[[ DATA FOR THIS TASK open ]]

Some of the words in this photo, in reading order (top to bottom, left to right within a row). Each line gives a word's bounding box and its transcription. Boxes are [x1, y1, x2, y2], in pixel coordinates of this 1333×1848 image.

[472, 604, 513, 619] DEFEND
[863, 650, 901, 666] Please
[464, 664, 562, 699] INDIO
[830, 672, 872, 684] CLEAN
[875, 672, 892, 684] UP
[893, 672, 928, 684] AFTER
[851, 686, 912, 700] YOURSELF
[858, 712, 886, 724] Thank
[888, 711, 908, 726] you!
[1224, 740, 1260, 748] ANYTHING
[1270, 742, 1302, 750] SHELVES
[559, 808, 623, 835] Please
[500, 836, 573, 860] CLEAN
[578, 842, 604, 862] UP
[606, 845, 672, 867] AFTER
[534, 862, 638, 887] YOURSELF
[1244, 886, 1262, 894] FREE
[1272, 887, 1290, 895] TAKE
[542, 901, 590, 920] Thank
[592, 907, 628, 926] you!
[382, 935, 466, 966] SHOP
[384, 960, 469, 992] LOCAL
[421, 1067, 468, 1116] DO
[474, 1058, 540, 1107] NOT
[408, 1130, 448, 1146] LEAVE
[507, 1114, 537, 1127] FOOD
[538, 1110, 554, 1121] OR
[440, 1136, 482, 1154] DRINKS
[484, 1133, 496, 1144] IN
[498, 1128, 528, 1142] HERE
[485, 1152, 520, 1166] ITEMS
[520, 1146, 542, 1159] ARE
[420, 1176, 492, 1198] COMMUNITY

[[ DATA FOR THIS TASK closed ]]

WHAT YOU NEED TO DO: Copy down the whole of the data above, matching it exactly.

SOLUTION BELOW:
Some of the words in this photo, in reading order (top to bottom, left to right within a row). Each line gives a word's bounding box and its transcription. Boxes are [x1, y1, x2, y2], in pixel coordinates of this 1333×1848 image.

[472, 604, 513, 619] DEFEND
[863, 650, 901, 666] Please
[464, 664, 562, 699] INDIO
[830, 672, 872, 684] CLEAN
[875, 672, 892, 684] UP
[893, 672, 928, 684] AFTER
[851, 686, 912, 700] YOURSELF
[858, 712, 886, 724] Thank
[888, 711, 908, 726] you!
[1224, 740, 1260, 748] ANYTHING
[1270, 742, 1302, 750] SHELVES
[559, 808, 623, 835] Please
[500, 836, 573, 860] CLEAN
[578, 842, 604, 862] UP
[606, 845, 672, 867] AFTER
[534, 862, 638, 887] YOURSELF
[1244, 886, 1262, 894] FREE
[1272, 887, 1290, 895] TAKE
[542, 901, 590, 920] Thank
[592, 907, 628, 926] you!
[382, 935, 466, 966] SHOP
[384, 960, 469, 992] LOCAL
[421, 1067, 468, 1116] DO
[474, 1058, 540, 1107] NOT
[408, 1130, 448, 1146] LEAVE
[507, 1114, 537, 1127] FOOD
[538, 1110, 554, 1121] OR
[440, 1136, 482, 1154] DRINKS
[484, 1133, 496, 1144] IN
[498, 1128, 528, 1142] HERE
[485, 1152, 520, 1166] ITEMS
[520, 1146, 542, 1159] ARE
[420, 1176, 492, 1198] COMMUNITY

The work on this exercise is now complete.